===== INFORMATION =====

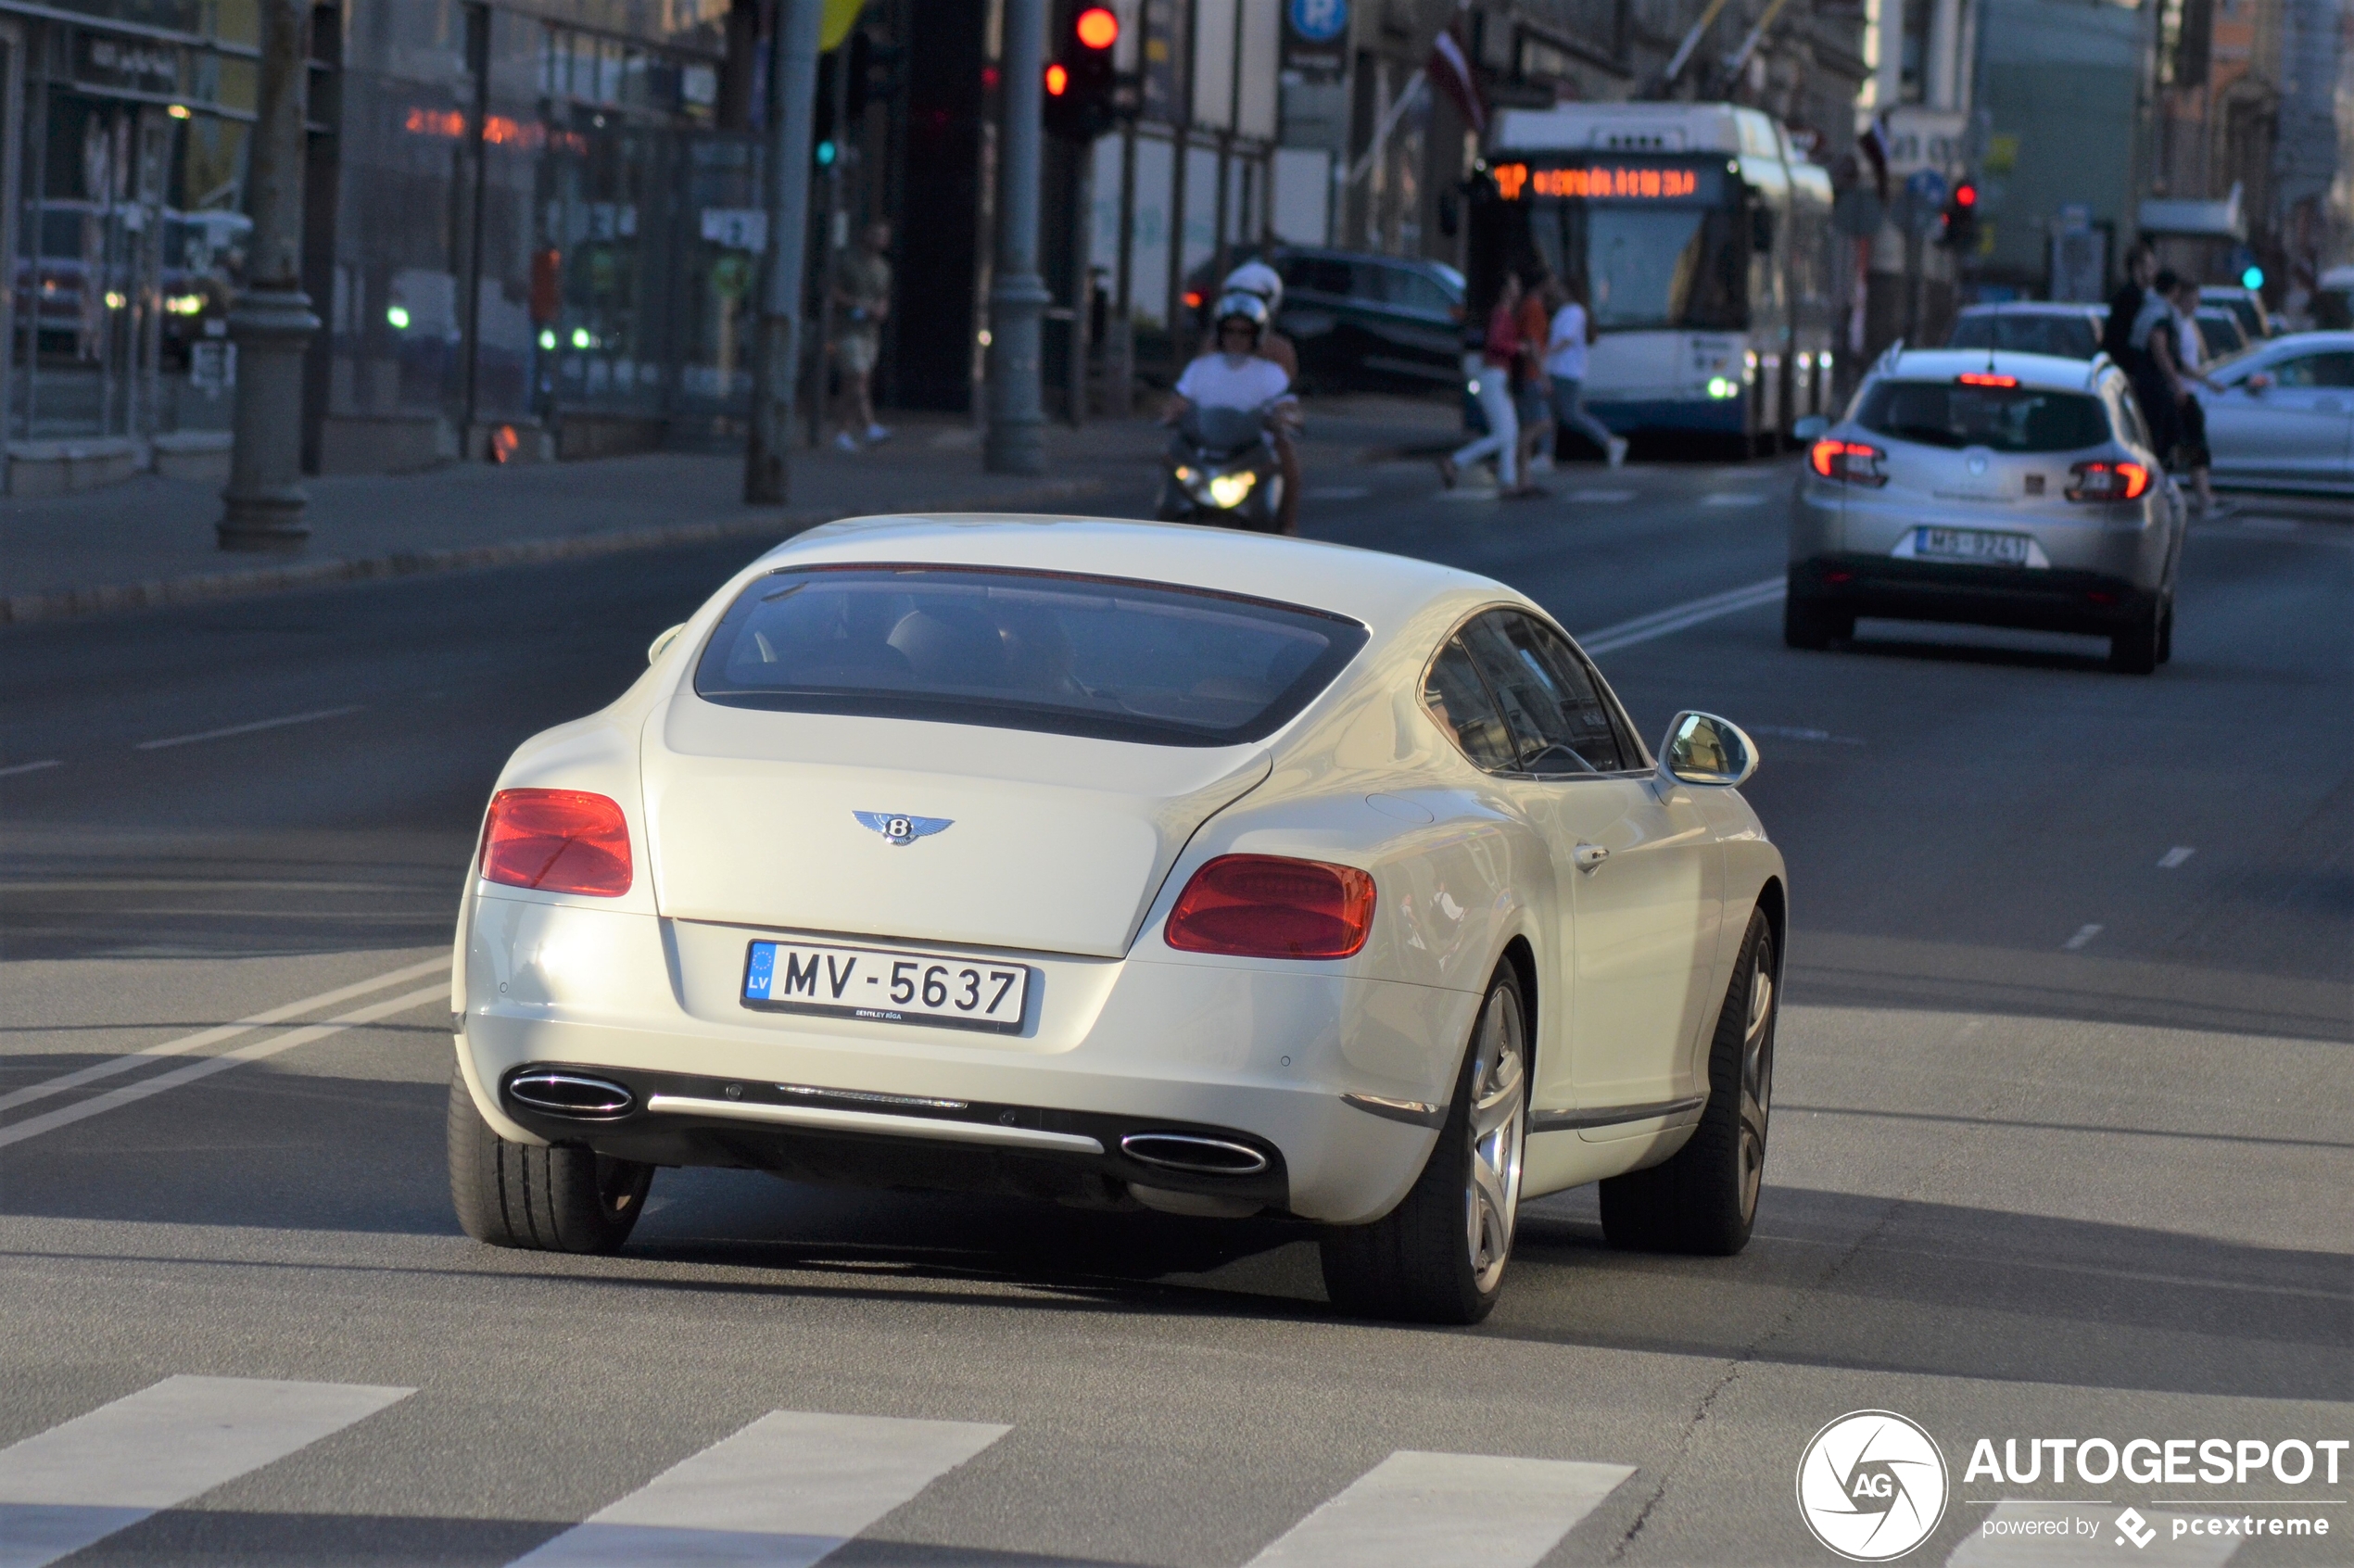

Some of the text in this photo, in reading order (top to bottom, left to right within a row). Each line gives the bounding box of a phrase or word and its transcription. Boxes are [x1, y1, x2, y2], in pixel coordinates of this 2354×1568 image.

[889, 818, 909, 837] B
[749, 976, 768, 990] LV
[855, 1009, 885, 1018] BENTLEY
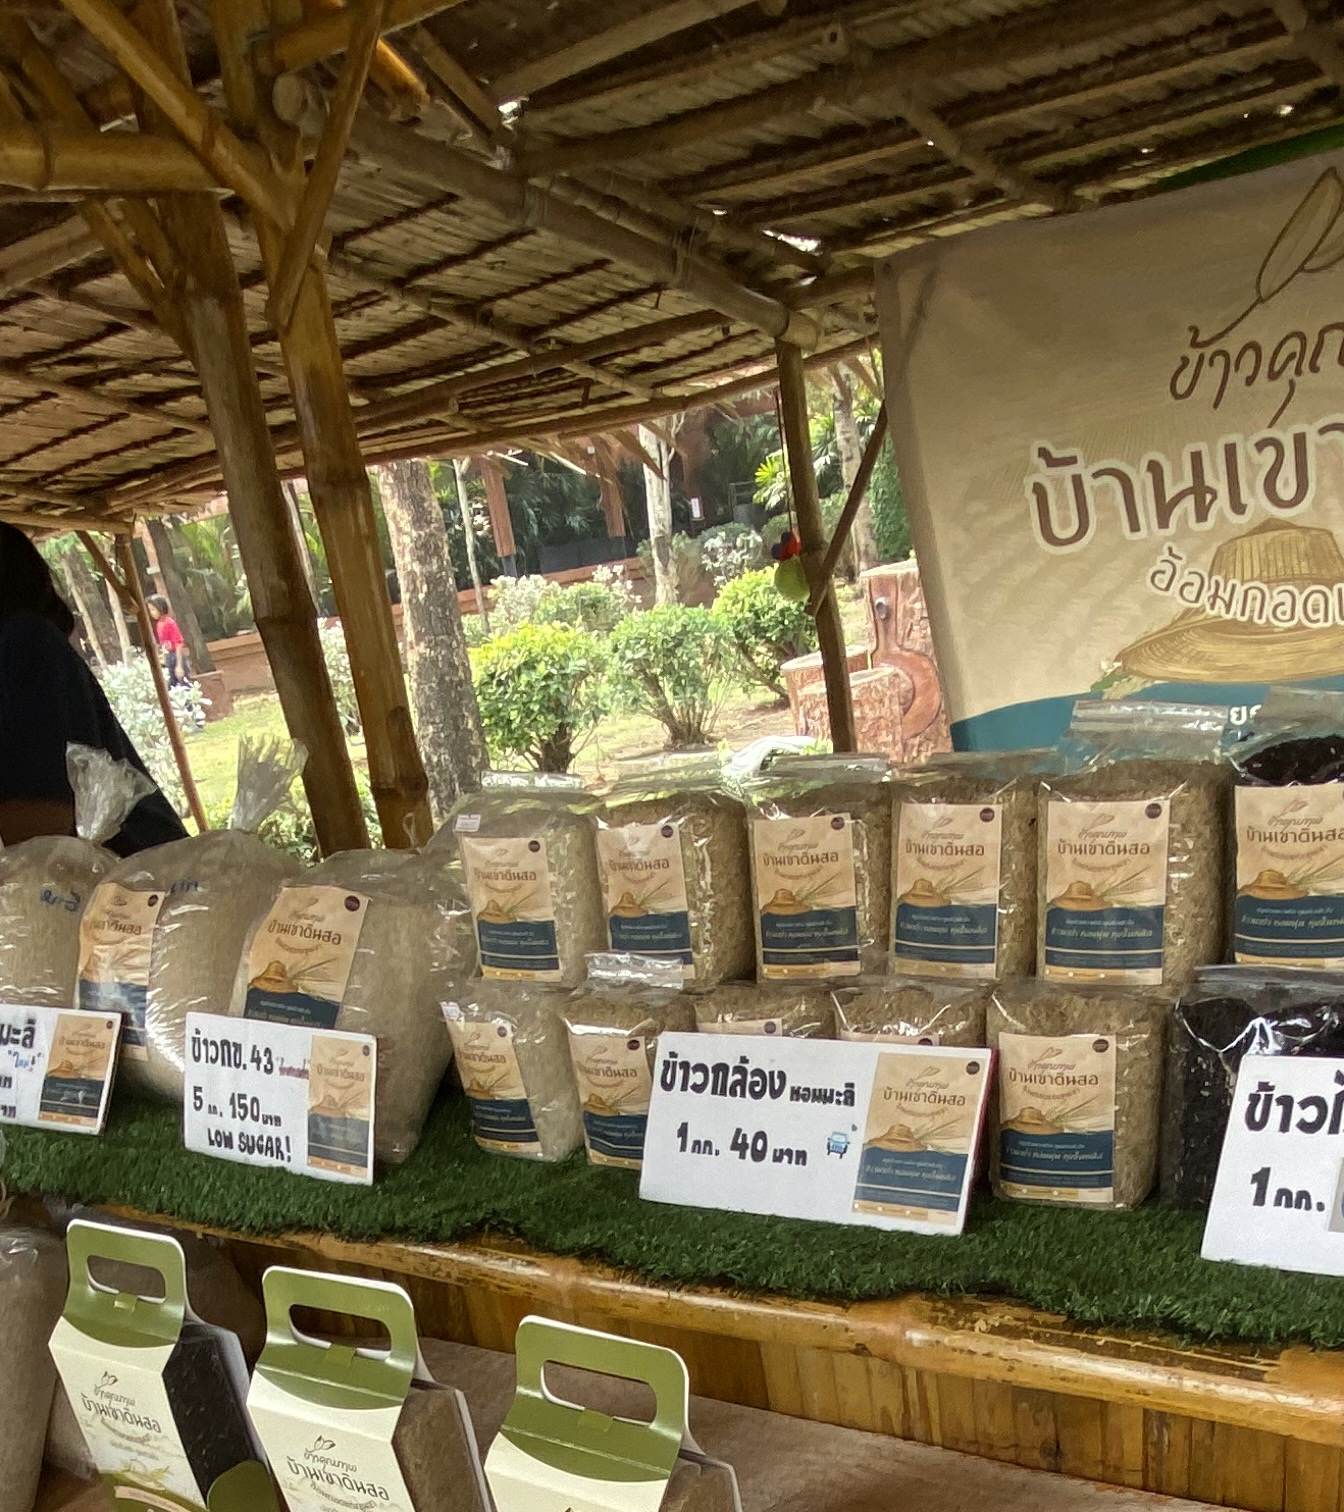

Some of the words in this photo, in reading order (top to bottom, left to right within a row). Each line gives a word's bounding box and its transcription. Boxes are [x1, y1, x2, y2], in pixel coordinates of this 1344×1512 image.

=====

TASK BRIEF -> Transcribe every entry exactly, leaving out the pictures.

SOLUTION TO THE PROBLEM ->
Some of the text in this photo, in reading order (top to bottom, left to right within a row). Each line gives the bounding box of a phrase or word and its transcription. Boxes are [x1, y1, x2, y2], in pixel coordinates of this 2354×1568 image.

[889, 818, 909, 837] B
[749, 976, 768, 990] LV
[855, 1009, 885, 1018] BENTLEY

Some of the words in this photo, in reading order (top to bottom, left to right within a row). Each line gives a word's bounding box and its transcription. Boxes are [x1, y1, x2, y2], in pixel coordinates of this 1344×1512 image.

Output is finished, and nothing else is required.